APELAÇÃO CÍVEL Nº 0002677-19.2011.4.03.6104/SP
2011.61.04.002677-1/SP
RELATOR : Juiz Federal Convocado RUBENS CALIXTO
AGRAVANTE : ROSELY ROBLES DE OLIVEIRA AMORIM (= ou > de 60 anos)
ADVOGADO : RODOLFO MERGUISO ONHA e outro
AGRAVANTE : Instituto Nacional do Seguro Social - INSS
ADVOGADO : CAROLINA PEREIRA DE CASTRO e outro
: HERMES ARRAIS ALENCAR
AGRAVADO : DECISÃO DE FLS.
No. ORIG. : 00026771920114036104 5 Vr SANTOS/SP

RELATÓRIO

Trata-se de agravos legais interpostos contra decisão monocrática proferida com fundamento no art. 557 do Código de Processo Civil, que deu parcial provimento à apelação para reconhecer o direito à "desaposentação" da parte-autora mediante cessação de benefício anterior e imediata implantação de novo benefício (considerando o tempo e as contribuições tanto anteriores quanto posteriores à concessão da aposentadoria a qual renuncia), com a necessária devolução do que foi pago a título do benefício anterior (em valores atualizados e com juros devidos nos mesmos moldes aplicados pelo INSS em suas restituições). Para esse ressarcimento mensal a ser feito, o desconto sobre o montante da nova aposentadoria a ser paga deverá observar os seguintes limites, dos dois o menor: 30% do montante do novo benefício, ou o que restou acrescido quando comparados o montante mensal até então pago e o novo benefício apurado. Termo inicial da desaposentação e implantação do novo benefício fixado na data em que a autarquia foi citada para manifestar-se sobre a apelação. Honorários distribuídos em iguais proporções, ante a sucumbência recíproca.
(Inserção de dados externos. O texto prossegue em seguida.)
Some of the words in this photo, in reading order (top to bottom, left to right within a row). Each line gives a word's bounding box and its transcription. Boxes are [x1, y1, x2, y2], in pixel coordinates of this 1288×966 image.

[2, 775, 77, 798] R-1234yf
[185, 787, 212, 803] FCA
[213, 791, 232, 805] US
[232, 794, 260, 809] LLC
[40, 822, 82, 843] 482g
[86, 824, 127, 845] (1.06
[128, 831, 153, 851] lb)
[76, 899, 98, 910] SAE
Interpõe agravo a parte autora, alegando, em síntese, que demonstrou o direito de renúncia à aposentadoria para a desaposentação e o consequente direito de aproveitamento do tempo de serviço que tenha dado origem ao benefício para efeitos de nova aposentadoria, sem a necessidade de restituição dos proventos percebidos a título de sua aposentadoria que visa renunciar.
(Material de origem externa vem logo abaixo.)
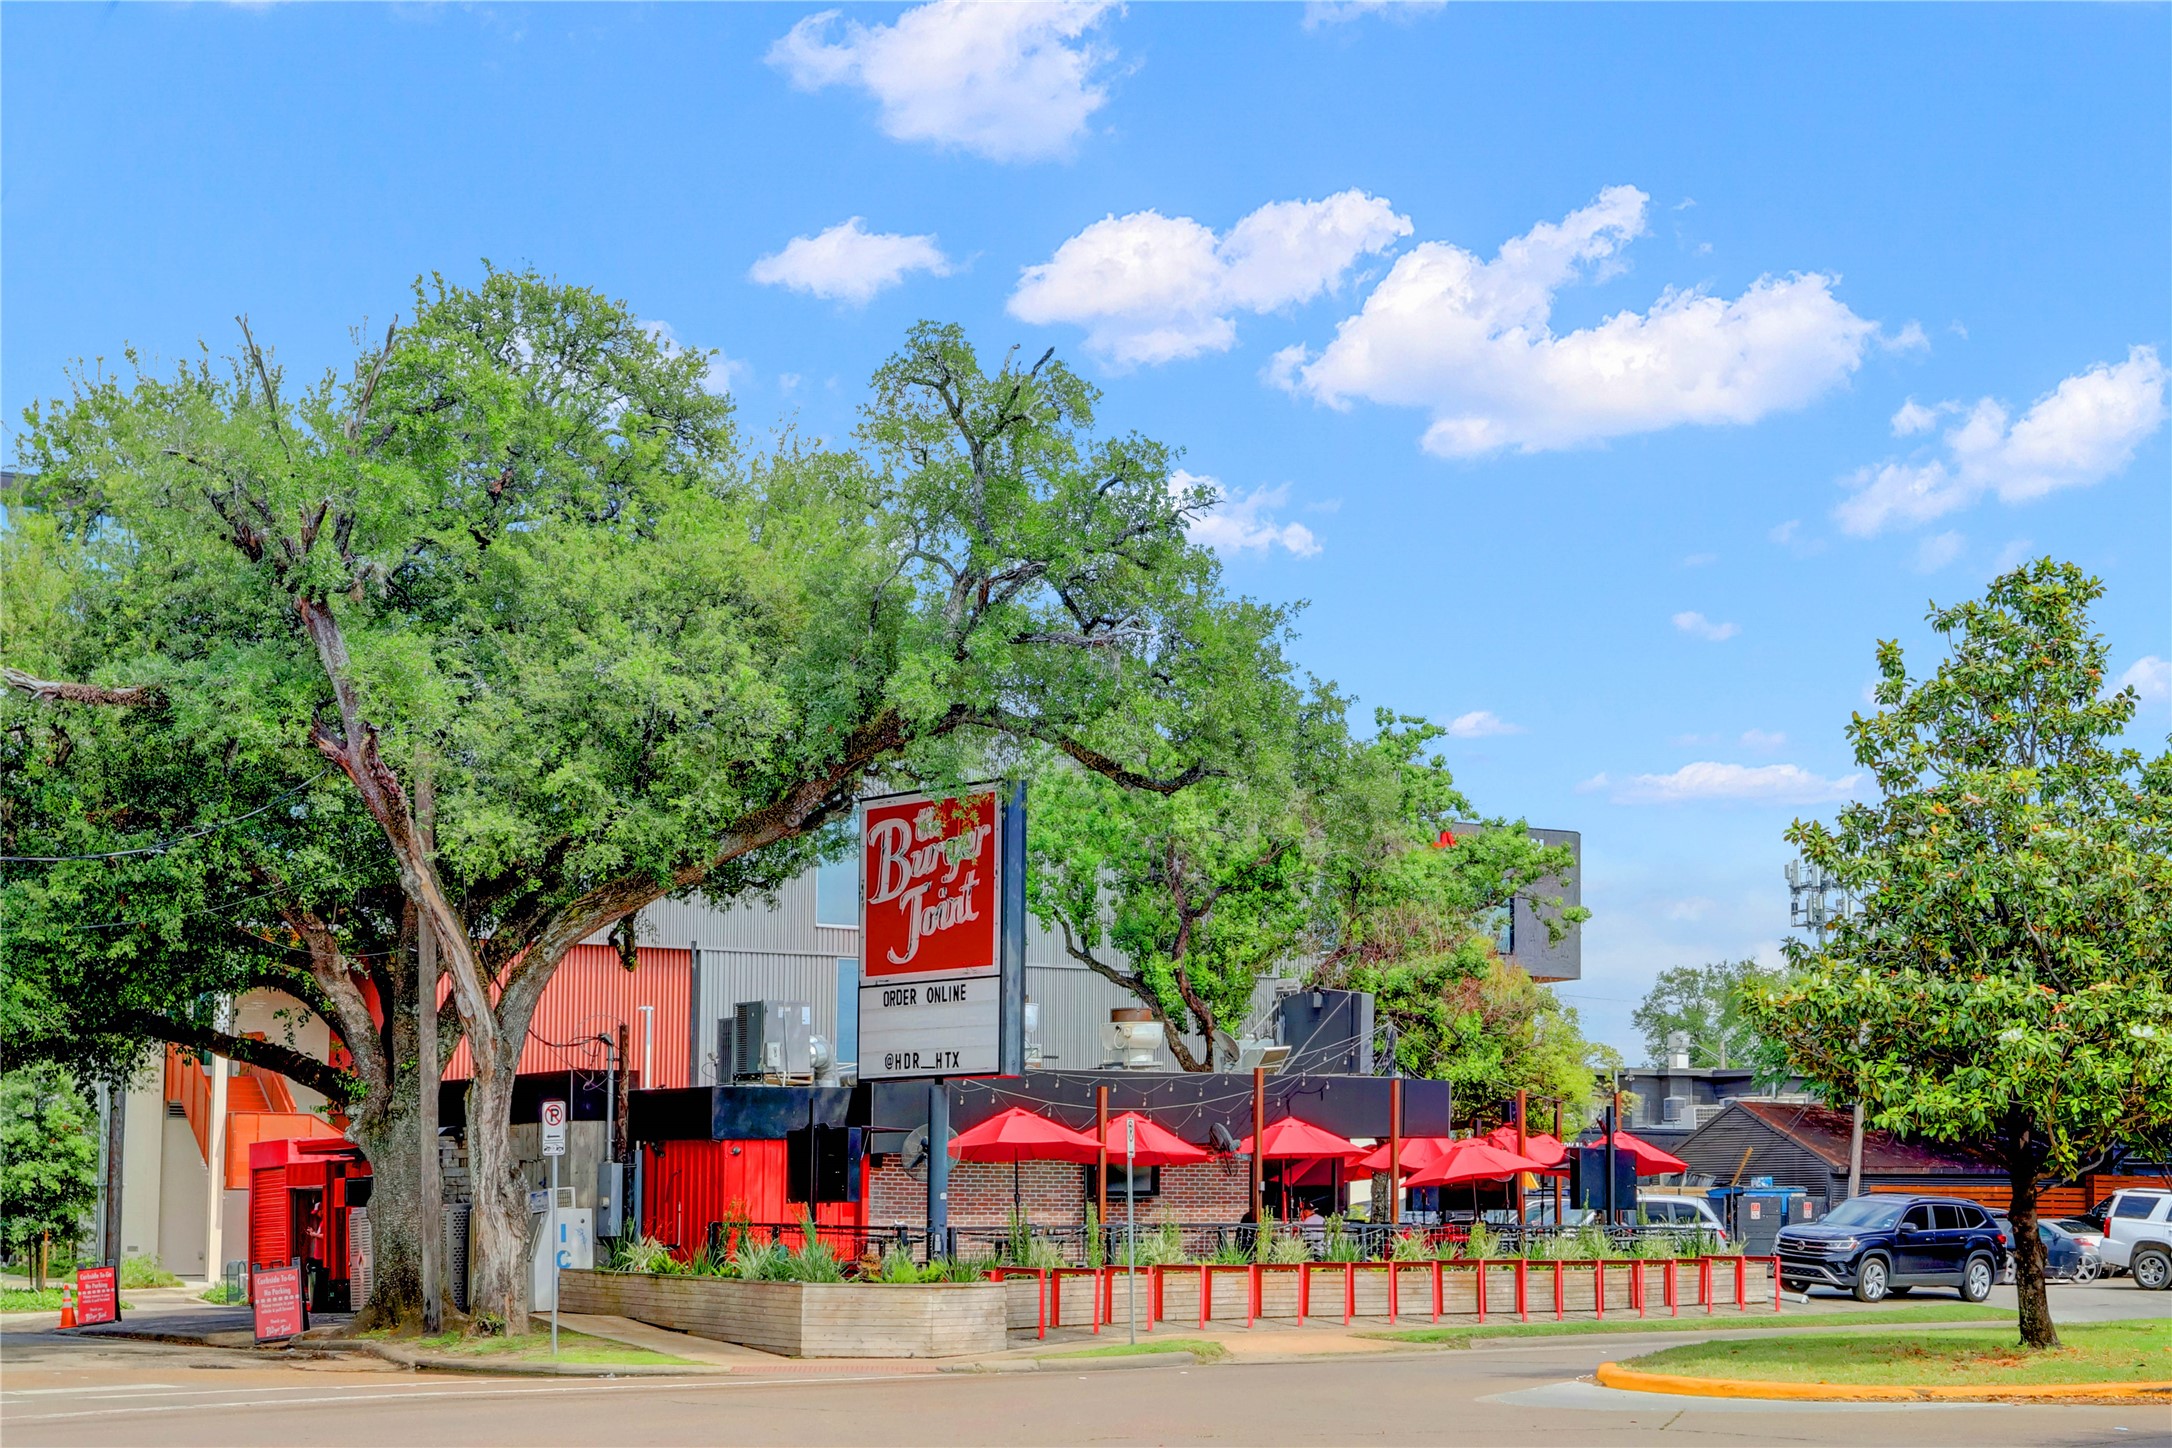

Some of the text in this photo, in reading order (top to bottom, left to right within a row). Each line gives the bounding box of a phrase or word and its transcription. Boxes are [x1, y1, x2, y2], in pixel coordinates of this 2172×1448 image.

[868, 818, 991, 904] Burger
[887, 870, 980, 964] Joint
[883, 984, 966, 1007] ORDER ONLINE
[257, 1276, 280, 1284] Curbside
[272, 1287, 291, 1295] Parking
Por sua vez, o INSS também interpõe agravo legal. Alega, em preliminar a ocorrência de sobrestamento na apreciação do feito. No mérito, alega, em resumo, a vedação legal a desaposentação expressa no art. 18 da Lei n. 8.213/91 (com suas alterações) e a violação aos princípios constitucionais, notadamente o princípio da solidariedade (art. , I e 195, § 5º, da Constituição Federal), da necessidade de custeio para concessão de benefícios e do ato jurídico perfeito.


Pedem, assim, a reforma da decisão proferida.


VOTO

Em caráter prefacial, cumpre rejeitar o pedido de sobrestamento do feito, visto que o incidente de repercussão geral (no caso, RE 381.367, da relatoria do Ministro Marco Aurélio) não implica necessariamente a suspensão dos processos em que se discute o "thema decidendum", tratando-se de providência que deve ser sopesada, por quem de direito, por ocasião do juízo de admissibilidade de eventual recurso extraordinário (art. 543-B, §§ 1º e 2º, do CPC).
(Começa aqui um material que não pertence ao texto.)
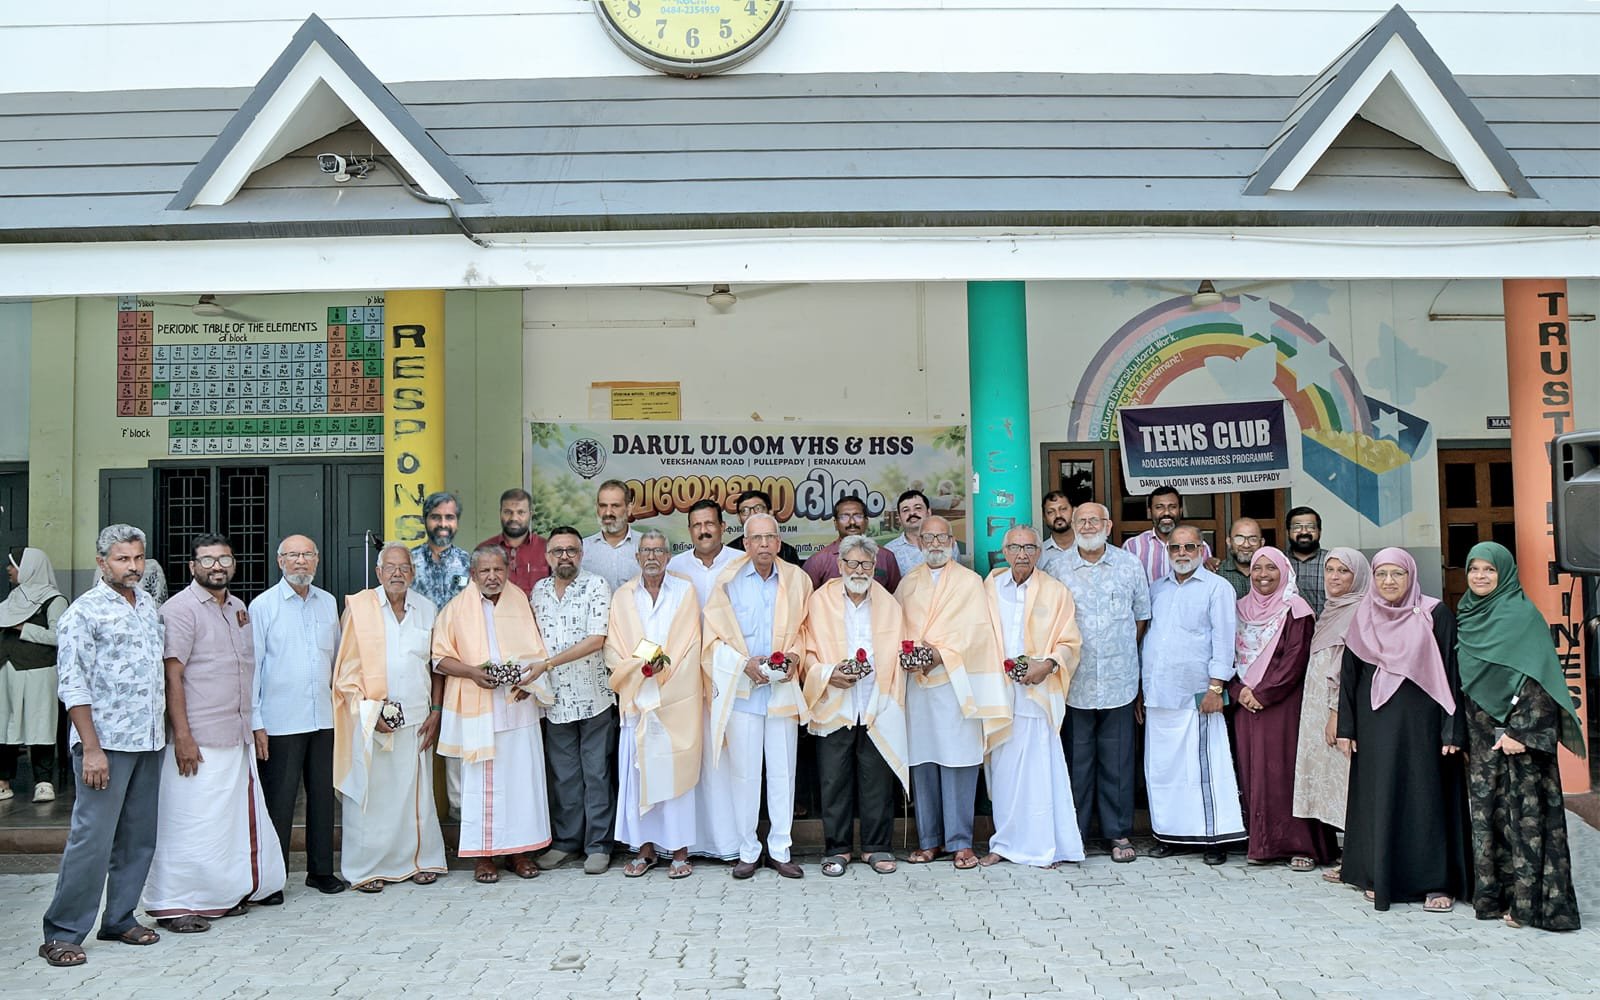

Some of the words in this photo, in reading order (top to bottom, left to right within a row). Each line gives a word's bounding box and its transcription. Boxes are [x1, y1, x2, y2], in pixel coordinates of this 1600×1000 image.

Debate-se nestes autos a possibilidade de reversão da aposentadoria para que o benefício observe novos parâmetros de concessão, teoricamente mais favoráveis ao respectivo beneficiário, ora denominado "pedido de desaposentação".


Contra este pleito, objetam alguns que o ato administrativo de concessão do benefício configura "ato jurídico perfeito" e assim estaria impassível de modificação em decorrência da vontade das partes interessadas, de lei nova ou de sentença judicial, a teor do inciso XXXVI do art. 5º da Constituição da República.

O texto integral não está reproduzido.